Si l’on en croit la préface de
Marco Caporali, David Mus est un poète qui chemine (“per David camminare è una
passione non solo letteraria ») et, en effet, il est question ici de
mouvement (d’un sentier à suivre) et
des limites auxquelles il se heurte : celles du jour et de la nuit,
omniprésentes, et celles qu’offre sans cesse le paysage, particulièrement murs
et ornières, les deux étant étroitement mêlées :
Et l’affrontement des murs, disons le jour
à affronter, nuit et jour.
Soit un poème tout autant écrit avec les pieds (et avec, bien sûr, ceux,
homonymes, des vers, le plus souvent distribués en distiques et dont la coupe (1)

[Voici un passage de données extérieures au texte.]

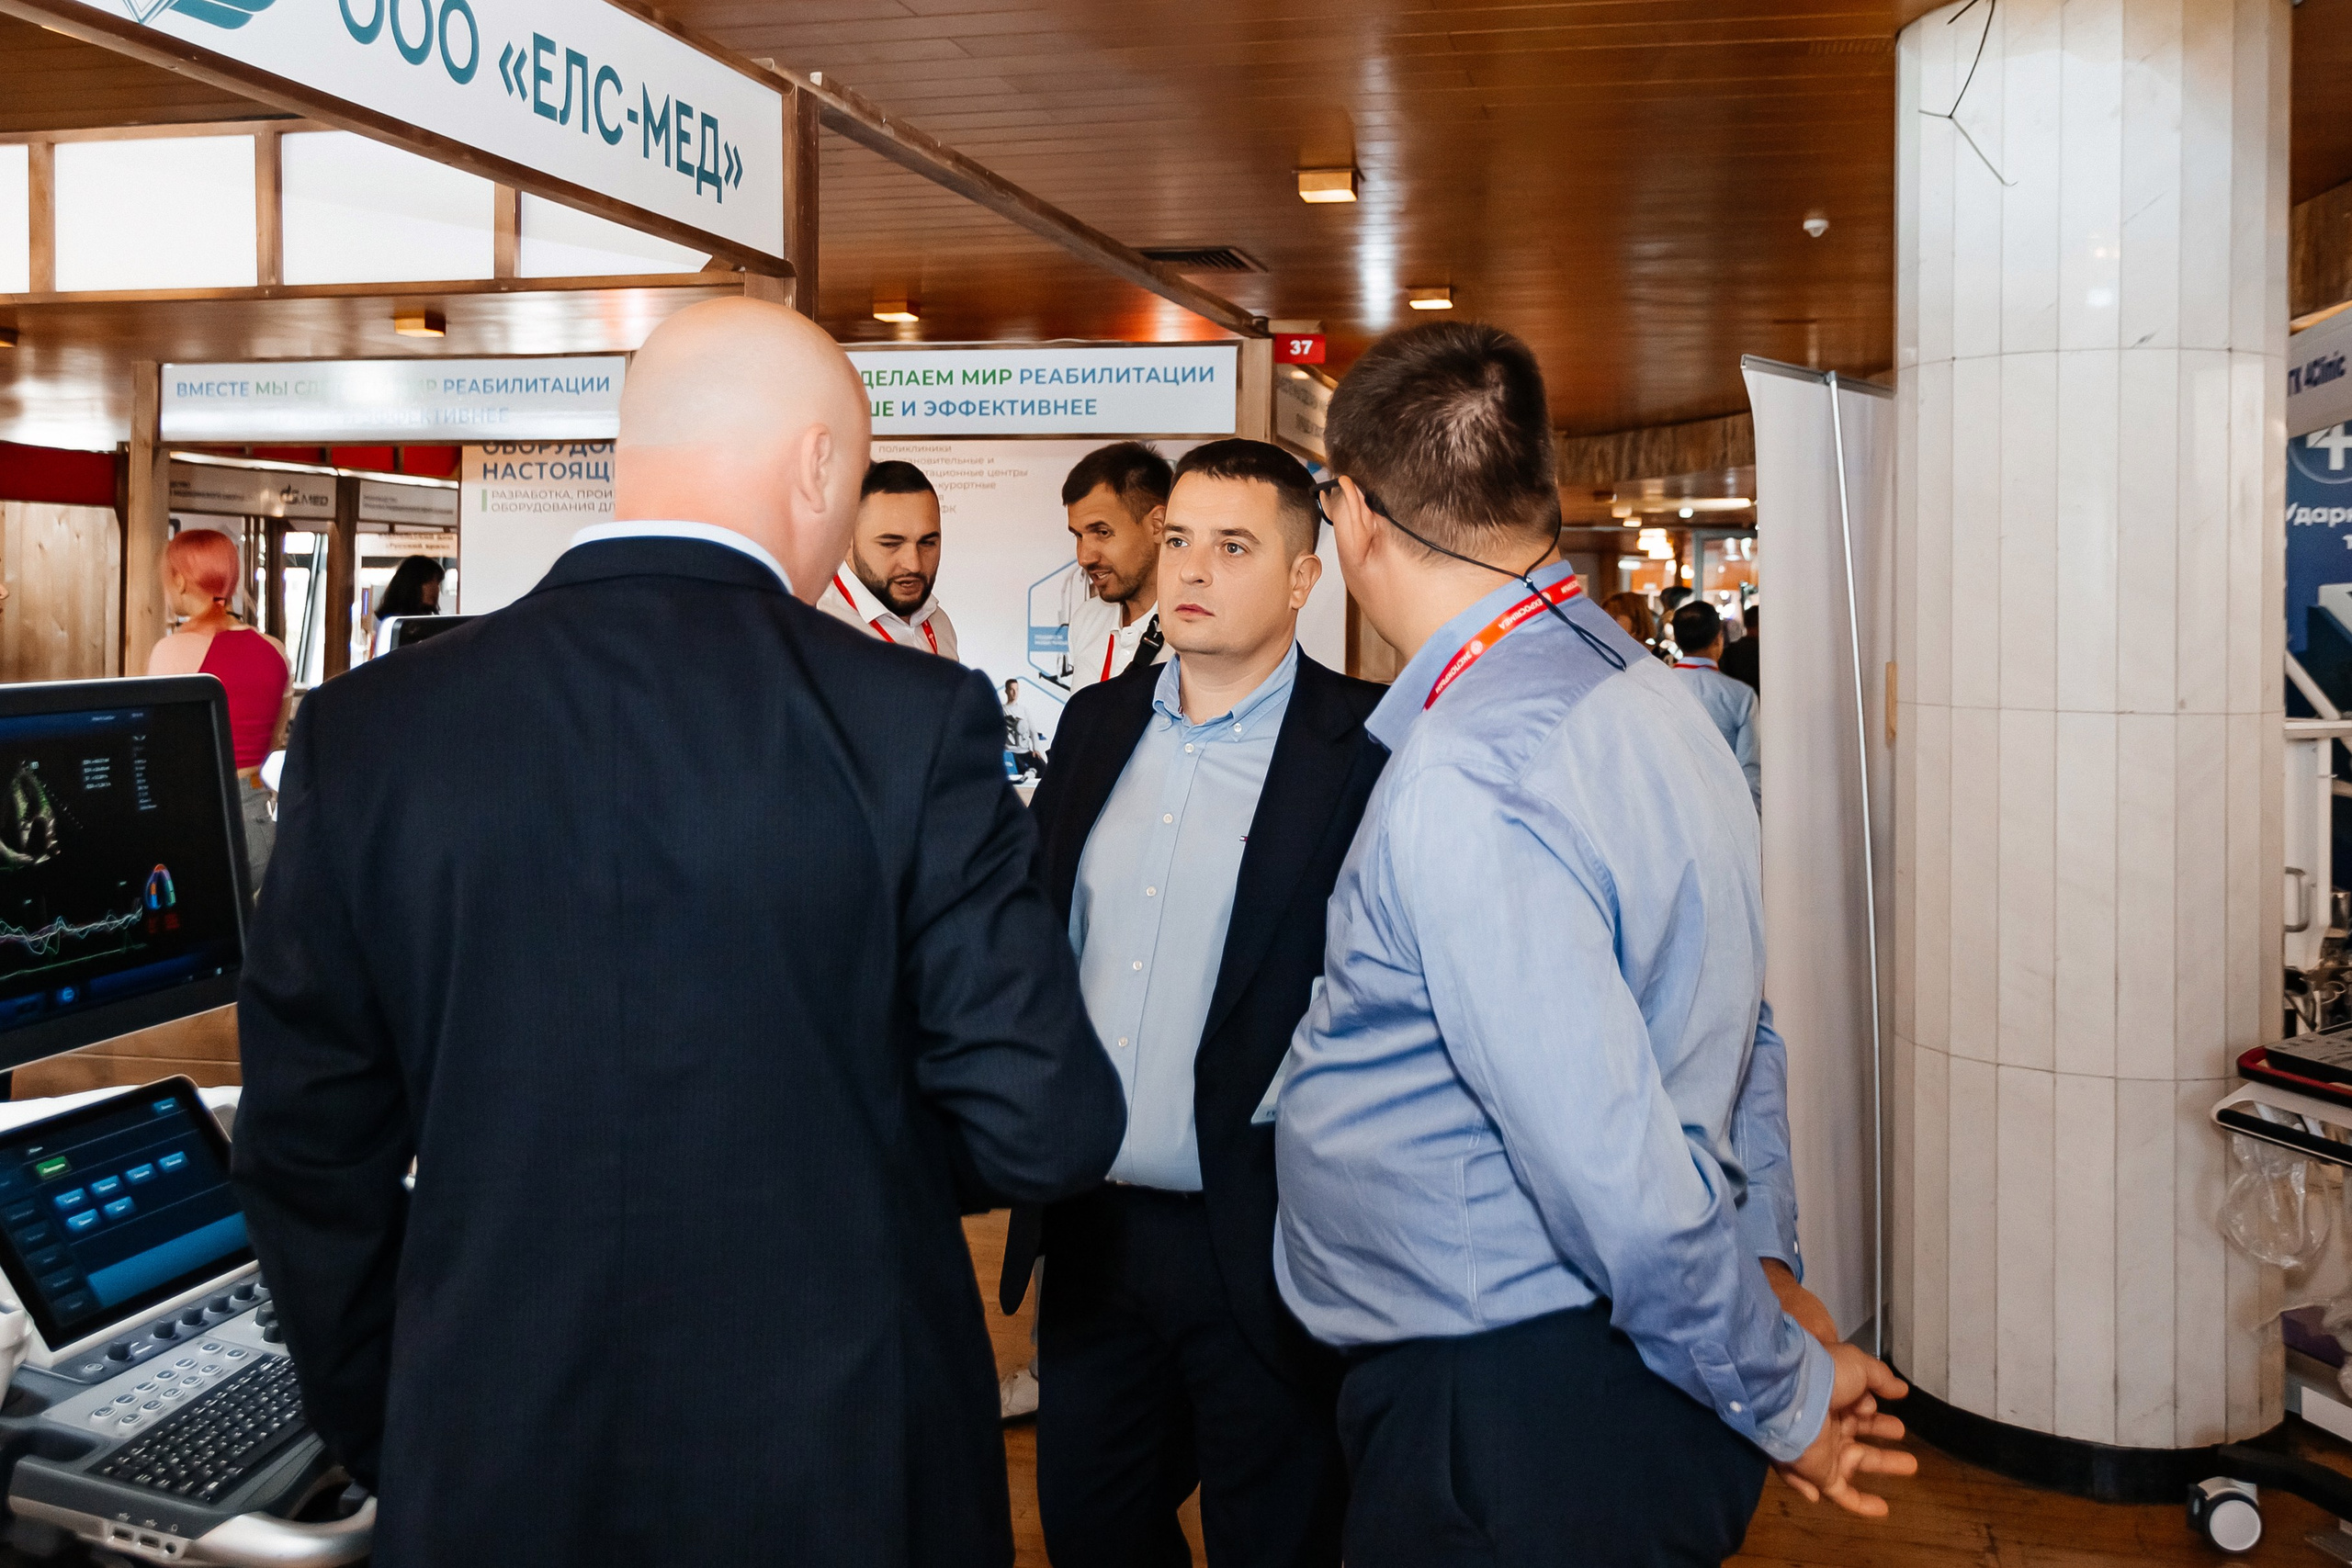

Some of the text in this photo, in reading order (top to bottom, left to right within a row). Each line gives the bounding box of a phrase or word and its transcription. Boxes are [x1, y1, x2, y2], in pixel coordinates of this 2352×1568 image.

évoque inévitablement les multiples tournants) qu’avec la tête, au fil d’une
longue promenade attentive à travers la « propre profusion » de
chaque jour, revenant sur les mêmes lieux, les mêmes mots, creusant à pas
comptés (c’est-à-dire à la syllabe près) son chemin singulier dans la langue,
faisant preuve d’une gravité qui n’exclut pas, parfois, un humour
discret :
Le port des pieds nous pèse comme
à l’autre
le port d’armes, d’ailes, de soleil
sur la tête.
Trajet effectué pour l’occasion dans l’entre-deux des langues disposées face à
face puisqu’une page est la traduction décalée de l’autre :
Cette face française du jour sert
Questo volto italiano del giorno
d’objectif serve da lente
et ce jusqu’au dépassement prévisible par les événements, comme on dit, qui ne
manqueront pas, eux, de suivre leur cours après la disparition pas seulement
élocutoire du poète-piéton :
(À vendre, demeure appelée jour,
sise au premier plan,
selon l’annonce, et tu seras mis
de suite à la porte.)
[Bruno Fern]
1.La tourne, comme
l’écrivait Jacques Réda, autre poète-marcheur.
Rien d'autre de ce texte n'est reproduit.